## What you have to do:
Repeat the entries that follow, exactly as they are written.

## Data shown:
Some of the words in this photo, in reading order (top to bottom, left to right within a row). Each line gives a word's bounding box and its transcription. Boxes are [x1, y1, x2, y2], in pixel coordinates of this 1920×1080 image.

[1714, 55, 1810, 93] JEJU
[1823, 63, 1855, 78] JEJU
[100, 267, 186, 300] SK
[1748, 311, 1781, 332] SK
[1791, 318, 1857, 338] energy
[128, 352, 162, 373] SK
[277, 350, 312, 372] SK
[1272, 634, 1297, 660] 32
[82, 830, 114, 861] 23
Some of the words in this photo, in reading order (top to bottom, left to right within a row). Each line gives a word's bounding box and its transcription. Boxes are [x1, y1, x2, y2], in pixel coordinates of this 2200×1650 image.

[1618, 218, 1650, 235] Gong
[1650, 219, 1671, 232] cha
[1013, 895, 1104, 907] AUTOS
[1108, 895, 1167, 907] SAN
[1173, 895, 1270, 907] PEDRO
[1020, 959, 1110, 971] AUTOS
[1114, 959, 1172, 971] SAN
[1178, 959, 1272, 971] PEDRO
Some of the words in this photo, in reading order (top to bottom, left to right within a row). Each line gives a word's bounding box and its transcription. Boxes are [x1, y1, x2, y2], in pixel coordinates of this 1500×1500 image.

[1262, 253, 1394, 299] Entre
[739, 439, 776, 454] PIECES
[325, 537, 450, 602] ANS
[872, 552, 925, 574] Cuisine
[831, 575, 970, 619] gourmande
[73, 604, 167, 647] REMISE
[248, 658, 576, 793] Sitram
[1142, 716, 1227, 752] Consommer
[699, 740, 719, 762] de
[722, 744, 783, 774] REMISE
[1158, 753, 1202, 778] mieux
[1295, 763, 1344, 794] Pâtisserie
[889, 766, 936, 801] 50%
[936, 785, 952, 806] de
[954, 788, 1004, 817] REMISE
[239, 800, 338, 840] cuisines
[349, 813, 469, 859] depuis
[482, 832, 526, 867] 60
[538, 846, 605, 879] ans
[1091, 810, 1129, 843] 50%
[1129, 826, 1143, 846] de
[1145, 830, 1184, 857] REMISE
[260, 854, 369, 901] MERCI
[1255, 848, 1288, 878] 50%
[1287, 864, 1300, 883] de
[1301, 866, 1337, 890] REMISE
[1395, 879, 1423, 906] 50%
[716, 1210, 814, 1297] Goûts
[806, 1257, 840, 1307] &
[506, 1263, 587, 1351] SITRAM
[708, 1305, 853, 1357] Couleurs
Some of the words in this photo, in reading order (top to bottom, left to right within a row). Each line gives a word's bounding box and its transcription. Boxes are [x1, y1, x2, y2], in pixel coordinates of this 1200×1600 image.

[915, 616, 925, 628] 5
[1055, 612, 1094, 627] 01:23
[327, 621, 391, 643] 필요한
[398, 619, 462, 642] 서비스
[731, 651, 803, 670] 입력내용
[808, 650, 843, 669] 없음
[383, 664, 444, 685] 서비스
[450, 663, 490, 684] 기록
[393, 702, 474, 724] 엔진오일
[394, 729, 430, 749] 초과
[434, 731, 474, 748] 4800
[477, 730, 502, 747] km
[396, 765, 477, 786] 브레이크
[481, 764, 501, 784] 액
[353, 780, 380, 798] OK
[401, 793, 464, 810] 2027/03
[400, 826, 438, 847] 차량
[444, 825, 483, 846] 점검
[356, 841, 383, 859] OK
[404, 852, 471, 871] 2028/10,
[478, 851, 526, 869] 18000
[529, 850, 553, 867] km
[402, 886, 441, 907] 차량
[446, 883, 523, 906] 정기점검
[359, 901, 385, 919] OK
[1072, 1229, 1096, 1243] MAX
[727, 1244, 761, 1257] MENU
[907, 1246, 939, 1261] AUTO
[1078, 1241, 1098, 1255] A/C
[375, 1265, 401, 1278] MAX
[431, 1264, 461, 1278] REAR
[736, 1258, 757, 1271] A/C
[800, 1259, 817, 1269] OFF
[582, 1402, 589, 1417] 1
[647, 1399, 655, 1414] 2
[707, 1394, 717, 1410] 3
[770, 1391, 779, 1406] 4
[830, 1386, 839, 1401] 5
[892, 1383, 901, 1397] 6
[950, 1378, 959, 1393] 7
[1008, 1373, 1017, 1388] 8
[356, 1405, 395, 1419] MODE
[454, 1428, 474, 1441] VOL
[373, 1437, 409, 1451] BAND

## Solution to the exercise:
Some of the words in this photo, in reading order (top to bottom, left to right within a row). Each line gives a word's bounding box and its transcription. Boxes are [x1, y1, x2, y2], in pixel coordinates of this 1920×1080 image.

[1714, 55, 1810, 93] JEJU
[1823, 63, 1855, 78] JEJU
[100, 267, 186, 300] SK
[1748, 311, 1781, 332] SK
[1791, 318, 1857, 338] energy
[128, 352, 162, 373] SK
[277, 350, 312, 372] SK
[1272, 634, 1297, 660] 32
[82, 830, 114, 861] 23
Some of the words in this photo, in reading order (top to bottom, left to right within a row). Each line gives a word's bounding box and its transcription. Boxes are [x1, y1, x2, y2], in pixel coordinates of this 2200×1650 image.

[1618, 218, 1650, 235] Gong
[1650, 219, 1671, 232] cha
[1013, 895, 1104, 907] AUTOS
[1108, 895, 1167, 907] SAN
[1173, 895, 1270, 907] PEDRO
[1020, 959, 1110, 971] AUTOS
[1114, 959, 1172, 971] SAN
[1178, 959, 1272, 971] PEDRO
Some of the words in this photo, in reading order (top to bottom, left to right within a row). Each line gives a word's bounding box and its transcription. Boxes are [x1, y1, x2, y2], in pixel coordinates of this 1500×1500 image.

[1262, 253, 1394, 299] Entre
[739, 439, 776, 454] PIECES
[325, 537, 450, 602] ANS
[872, 552, 925, 574] Cuisine
[831, 575, 970, 619] gourmande
[73, 604, 167, 647] REMISE
[248, 658, 576, 793] Sitram
[1142, 716, 1227, 752] Consommer
[699, 740, 719, 762] de
[722, 744, 783, 774] REMISE
[1158, 753, 1202, 778] mieux
[1295, 763, 1344, 794] Pâtisserie
[889, 766, 936, 801] 50%
[936, 785, 952, 806] de
[954, 788, 1004, 817] REMISE
[239, 800, 338, 840] cuisines
[349, 813, 469, 859] depuis
[482, 832, 526, 867] 60
[538, 846, 605, 879] ans
[1091, 810, 1129, 843] 50%
[1129, 826, 1143, 846] de
[1145, 830, 1184, 857] REMISE
[260, 854, 369, 901] MERCI
[1255, 848, 1288, 878] 50%
[1287, 864, 1300, 883] de
[1301, 866, 1337, 890] REMISE
[1395, 879, 1423, 906] 50%
[716, 1210, 814, 1297] Goûts
[806, 1257, 840, 1307] &
[506, 1263, 587, 1351] SITRAM
[708, 1305, 853, 1357] Couleurs
Some of the words in this photo, in reading order (top to bottom, left to right within a row). Each line gives a word's bounding box and its transcription. Boxes are [x1, y1, x2, y2], in pixel coordinates of this 1200×1600 image.

[915, 616, 925, 628] 5
[1055, 612, 1094, 627] 01:23
[327, 621, 391, 643] 필요한
[398, 619, 462, 642] 서비스
[731, 651, 803, 670] 입력내용
[808, 650, 843, 669] 없음
[383, 664, 444, 685] 서비스
[450, 663, 490, 684] 기록
[393, 702, 474, 724] 엔진오일
[394, 729, 430, 749] 초과
[434, 731, 474, 748] 4800
[477, 730, 502, 747] km
[396, 765, 477, 786] 브레이크
[481, 764, 501, 784] 액
[353, 780, 380, 798] OK
[401, 793, 464, 810] 2027/03
[400, 826, 438, 847] 차량
[444, 825, 483, 846] 점검
[356, 841, 383, 859] OK
[404, 852, 471, 871] 2028/10,
[478, 851, 526, 869] 18000
[529, 850, 553, 867] km
[402, 886, 441, 907] 차량
[446, 883, 523, 906] 정기점검
[359, 901, 385, 919] OK
[1072, 1229, 1096, 1243] MAX
[727, 1244, 761, 1257] MENU
[907, 1246, 939, 1261] AUTO
[1078, 1241, 1098, 1255] A/C
[375, 1265, 401, 1278] MAX
[431, 1264, 461, 1278] REAR
[736, 1258, 757, 1271] A/C
[800, 1259, 817, 1269] OFF
[582, 1402, 589, 1417] 1
[647, 1399, 655, 1414] 2
[707, 1394, 717, 1410] 3
[770, 1391, 779, 1406] 4
[830, 1386, 839, 1401] 5
[892, 1383, 901, 1397] 6
[950, 1378, 959, 1393] 7
[1008, 1373, 1017, 1388] 8
[356, 1405, 395, 1419] MODE
[454, 1428, 474, 1441] VOL
[373, 1437, 409, 1451] BAND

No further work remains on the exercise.